UPDATE: I wrote the above while exhausted at the end of a long day of snorkeling, and I believe my head may have been underwater a bit too long.  This may be the most unclear thing I’ve ever posted, and my bad. It’s in reference to an instant-classic Olympic flub that I assumed (wrongly) would be all over the news for its sheer embarrassing glory: American snowboard racer Lindsey Jacobellis was within seconds of winning a gold medal, with one of the biggest leads anyone will ever see in that sport: only one competitor was even still standing, and she wasn’t even within sight. So young Lindsey began hotdogging a few seconds from the finish line, and immediately not only fell down, but threw herself from the course entirely. By the time she managed to climb back up and regain her direction, zzzzip! went her pursurer right by, and that was that.

It was an amazing example of hubris being instantly punished, and NBC seized on it by repeating the video over and over, interviewing her immediately afterwards, while she was still in shock and trying to rationalize her foolishness, then repeating the video again a few more times, and then interviewing her yet again. And when her rationalization was obvious crap, they said so, with a bluntness one never sees in the news division.

So that’s the reference.

What I forgot, of course, is that unusually few Americans are even watching the Olympics this year, partly because NBC always manages to make the games almost completely unwatchable, interrupting a perfectly enjoyable three-hour block of Visa card commercials with short bursts of actual athletics. These are terribly distracting from the main subject of the Olympics, which is of course Bob Costas. I understand that for the 2008 Olympics in Beijing, NBC is planning not to show any events at all, but merely let Bob Costas sit around a studio with friends, strumming a guitar, while Visa card ads play continuously on three cable networks. This will finally eliminate all those pesky images of world-class athletes which so vex the Olympic viewer.

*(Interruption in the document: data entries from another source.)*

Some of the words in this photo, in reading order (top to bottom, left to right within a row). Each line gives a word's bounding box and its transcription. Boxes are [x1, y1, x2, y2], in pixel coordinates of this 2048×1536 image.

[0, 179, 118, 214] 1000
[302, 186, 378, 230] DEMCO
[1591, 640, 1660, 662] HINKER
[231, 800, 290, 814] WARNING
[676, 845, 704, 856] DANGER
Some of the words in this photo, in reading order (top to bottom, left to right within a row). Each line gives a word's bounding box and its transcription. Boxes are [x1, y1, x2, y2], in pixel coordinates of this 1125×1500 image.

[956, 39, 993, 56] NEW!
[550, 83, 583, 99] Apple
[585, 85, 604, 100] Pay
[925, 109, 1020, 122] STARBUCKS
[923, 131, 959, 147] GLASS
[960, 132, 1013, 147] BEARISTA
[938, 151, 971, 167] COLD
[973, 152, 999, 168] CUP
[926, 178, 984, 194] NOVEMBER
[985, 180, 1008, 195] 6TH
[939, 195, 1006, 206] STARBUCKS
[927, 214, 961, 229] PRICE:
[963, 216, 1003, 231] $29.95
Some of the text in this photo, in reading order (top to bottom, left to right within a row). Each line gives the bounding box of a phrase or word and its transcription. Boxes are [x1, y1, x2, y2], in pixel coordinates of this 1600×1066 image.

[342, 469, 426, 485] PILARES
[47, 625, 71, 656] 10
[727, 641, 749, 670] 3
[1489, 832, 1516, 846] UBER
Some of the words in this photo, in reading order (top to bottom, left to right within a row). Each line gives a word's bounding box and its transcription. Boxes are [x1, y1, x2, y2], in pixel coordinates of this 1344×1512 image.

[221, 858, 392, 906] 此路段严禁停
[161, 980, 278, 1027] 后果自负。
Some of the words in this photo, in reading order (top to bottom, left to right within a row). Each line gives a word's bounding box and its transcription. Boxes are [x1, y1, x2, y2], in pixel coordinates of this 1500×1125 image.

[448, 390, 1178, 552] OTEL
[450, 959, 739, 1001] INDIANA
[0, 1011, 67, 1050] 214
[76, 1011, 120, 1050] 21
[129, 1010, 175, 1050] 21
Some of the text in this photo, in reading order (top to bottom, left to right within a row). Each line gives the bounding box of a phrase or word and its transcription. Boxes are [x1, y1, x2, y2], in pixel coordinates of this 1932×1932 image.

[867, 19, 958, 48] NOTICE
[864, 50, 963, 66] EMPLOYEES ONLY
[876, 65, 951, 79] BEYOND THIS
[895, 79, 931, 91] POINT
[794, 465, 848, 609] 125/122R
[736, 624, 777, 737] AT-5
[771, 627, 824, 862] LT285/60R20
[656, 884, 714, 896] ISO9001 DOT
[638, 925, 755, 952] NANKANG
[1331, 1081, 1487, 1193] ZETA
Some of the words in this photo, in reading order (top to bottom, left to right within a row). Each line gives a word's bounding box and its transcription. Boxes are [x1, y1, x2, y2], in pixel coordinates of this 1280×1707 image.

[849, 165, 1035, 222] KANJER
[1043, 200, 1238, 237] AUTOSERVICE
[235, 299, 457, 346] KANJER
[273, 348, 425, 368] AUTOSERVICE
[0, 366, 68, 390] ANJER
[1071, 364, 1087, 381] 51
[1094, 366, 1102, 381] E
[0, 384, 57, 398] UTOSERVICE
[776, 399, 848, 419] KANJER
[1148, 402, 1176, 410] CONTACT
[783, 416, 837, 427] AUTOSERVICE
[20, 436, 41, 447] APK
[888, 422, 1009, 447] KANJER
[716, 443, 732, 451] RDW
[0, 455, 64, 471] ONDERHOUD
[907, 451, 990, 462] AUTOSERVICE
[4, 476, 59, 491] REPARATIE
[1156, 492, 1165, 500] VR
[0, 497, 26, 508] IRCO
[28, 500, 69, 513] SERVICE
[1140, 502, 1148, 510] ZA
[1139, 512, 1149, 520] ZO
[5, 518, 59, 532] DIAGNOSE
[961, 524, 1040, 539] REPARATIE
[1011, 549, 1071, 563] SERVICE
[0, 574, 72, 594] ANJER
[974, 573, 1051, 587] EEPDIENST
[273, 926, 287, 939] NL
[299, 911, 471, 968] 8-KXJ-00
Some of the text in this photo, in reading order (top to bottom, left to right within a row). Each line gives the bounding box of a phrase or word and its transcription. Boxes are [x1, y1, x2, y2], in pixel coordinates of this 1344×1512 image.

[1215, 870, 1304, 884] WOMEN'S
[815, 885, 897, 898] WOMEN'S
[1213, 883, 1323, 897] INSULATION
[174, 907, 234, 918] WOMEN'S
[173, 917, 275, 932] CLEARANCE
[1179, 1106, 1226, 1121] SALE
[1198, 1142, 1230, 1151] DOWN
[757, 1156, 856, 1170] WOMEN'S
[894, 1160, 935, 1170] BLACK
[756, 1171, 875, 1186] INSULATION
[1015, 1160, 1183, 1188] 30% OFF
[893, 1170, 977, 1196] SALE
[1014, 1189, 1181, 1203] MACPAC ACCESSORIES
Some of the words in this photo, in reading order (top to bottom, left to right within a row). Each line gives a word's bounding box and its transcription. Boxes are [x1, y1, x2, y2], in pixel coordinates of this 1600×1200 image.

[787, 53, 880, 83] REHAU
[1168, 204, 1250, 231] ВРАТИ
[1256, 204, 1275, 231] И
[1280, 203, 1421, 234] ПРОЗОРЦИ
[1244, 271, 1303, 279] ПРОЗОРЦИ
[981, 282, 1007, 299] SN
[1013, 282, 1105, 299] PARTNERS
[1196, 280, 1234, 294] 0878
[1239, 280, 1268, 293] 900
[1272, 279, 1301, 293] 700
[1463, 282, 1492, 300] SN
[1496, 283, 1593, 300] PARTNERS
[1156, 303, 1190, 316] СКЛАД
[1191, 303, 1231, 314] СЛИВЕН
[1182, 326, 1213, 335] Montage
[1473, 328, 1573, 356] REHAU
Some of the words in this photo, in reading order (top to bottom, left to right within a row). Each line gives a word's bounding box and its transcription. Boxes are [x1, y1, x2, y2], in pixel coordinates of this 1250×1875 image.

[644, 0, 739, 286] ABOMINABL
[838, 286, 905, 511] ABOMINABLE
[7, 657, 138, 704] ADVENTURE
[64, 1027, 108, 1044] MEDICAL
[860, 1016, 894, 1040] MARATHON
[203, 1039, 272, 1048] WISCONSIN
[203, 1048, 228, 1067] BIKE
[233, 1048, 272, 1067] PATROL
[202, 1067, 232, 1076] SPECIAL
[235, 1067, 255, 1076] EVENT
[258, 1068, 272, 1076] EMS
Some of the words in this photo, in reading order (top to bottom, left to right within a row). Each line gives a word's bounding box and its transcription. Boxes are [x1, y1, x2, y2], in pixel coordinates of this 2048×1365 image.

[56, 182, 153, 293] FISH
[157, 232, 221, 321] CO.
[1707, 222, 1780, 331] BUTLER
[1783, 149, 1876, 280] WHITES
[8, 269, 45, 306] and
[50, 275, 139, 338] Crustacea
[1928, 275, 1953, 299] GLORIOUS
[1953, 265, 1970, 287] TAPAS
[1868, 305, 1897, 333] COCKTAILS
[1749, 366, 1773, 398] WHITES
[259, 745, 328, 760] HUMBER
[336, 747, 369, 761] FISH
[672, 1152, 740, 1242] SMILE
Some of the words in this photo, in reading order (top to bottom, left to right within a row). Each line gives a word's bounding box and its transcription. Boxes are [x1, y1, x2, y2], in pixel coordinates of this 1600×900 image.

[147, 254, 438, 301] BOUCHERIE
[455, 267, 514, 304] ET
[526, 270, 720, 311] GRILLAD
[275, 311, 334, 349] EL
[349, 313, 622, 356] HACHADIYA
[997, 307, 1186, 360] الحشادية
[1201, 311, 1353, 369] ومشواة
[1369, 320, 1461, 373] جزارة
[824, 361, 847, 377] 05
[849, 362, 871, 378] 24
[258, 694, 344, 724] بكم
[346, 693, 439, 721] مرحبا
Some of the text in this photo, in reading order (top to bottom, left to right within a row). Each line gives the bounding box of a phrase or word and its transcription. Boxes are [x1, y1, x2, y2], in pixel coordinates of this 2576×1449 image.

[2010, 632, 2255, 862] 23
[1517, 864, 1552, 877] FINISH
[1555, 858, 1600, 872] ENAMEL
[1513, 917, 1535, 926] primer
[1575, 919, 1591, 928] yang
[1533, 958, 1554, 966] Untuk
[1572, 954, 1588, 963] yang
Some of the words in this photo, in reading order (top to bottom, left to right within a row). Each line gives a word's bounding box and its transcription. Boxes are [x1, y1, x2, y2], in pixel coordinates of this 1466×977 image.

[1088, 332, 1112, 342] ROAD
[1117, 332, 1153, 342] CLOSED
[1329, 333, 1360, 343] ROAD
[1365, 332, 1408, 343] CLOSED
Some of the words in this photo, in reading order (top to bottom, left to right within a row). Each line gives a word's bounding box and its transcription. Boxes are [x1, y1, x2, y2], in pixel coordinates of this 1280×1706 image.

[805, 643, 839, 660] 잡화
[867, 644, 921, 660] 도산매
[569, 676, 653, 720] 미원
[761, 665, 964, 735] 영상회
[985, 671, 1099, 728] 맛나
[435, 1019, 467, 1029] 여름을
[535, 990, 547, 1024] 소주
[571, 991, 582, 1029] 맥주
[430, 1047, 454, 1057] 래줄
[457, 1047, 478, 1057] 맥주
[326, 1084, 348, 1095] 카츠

Anyway, Lindsey Jacobellis flying too close to the sun is what the post up top was about. My bad.

Great moments in airport security

In Hawaii at the moment, at Kona on the big island.

Flying here, I actually saw this, I swear to you:

A nice woman in her early 40s was asked to step out of the security line for what seemed to be a random pat-down.  The TSA employee patting her down went about her business, and then suddenly fixated on a small hard spot underneath the woman's shirt, maybe four inches below her left breast.

The TSA worker patted and poked this object several times, with an increasing look of concern.  

Finally, the screener asks: "Ma'am, what is this?"

"Oh, that?  It's nothing" the lady says.

The screener's radar goes up.  Time to call for backup.  "Ma'am, I need you to tell me what this is."

The lady pauses, looks the screener straight in the eye, and with a withering look I hope I never receive, delivered a full and complete explanation.

"That's my rib," she said.

 

Koufaxtacularly nice

Just learned that the kind folks at Wampum have included this here blog in the first round of voting for the 2005 Koufax awards for Best Writing and Most Humorous Blog.

The voting isn’t open yet.  But you might enjoy clicking over and checking out the other blogs listed.  (I’d say "competition," except I really don’t see it that way.)  If you appreciate Wampum’s work — and they have a terrific blog themselves, in addition to the Koufaxeseses — you might even throw a buck or two in their tip jar on the left.

Worst-case spin already underway

Fox News has spent much of the morning repeatedly interviewing a doctor
who claims that the physicians attending Whittington (at least some of
whom, let’s not forget, are White House doctors) have said things that
don’t add up and may have been less than observant in their initial
care.

Subtle message, easily missed: if Whittington dies, it’s not Cheney’s fault — it’s medical negligence.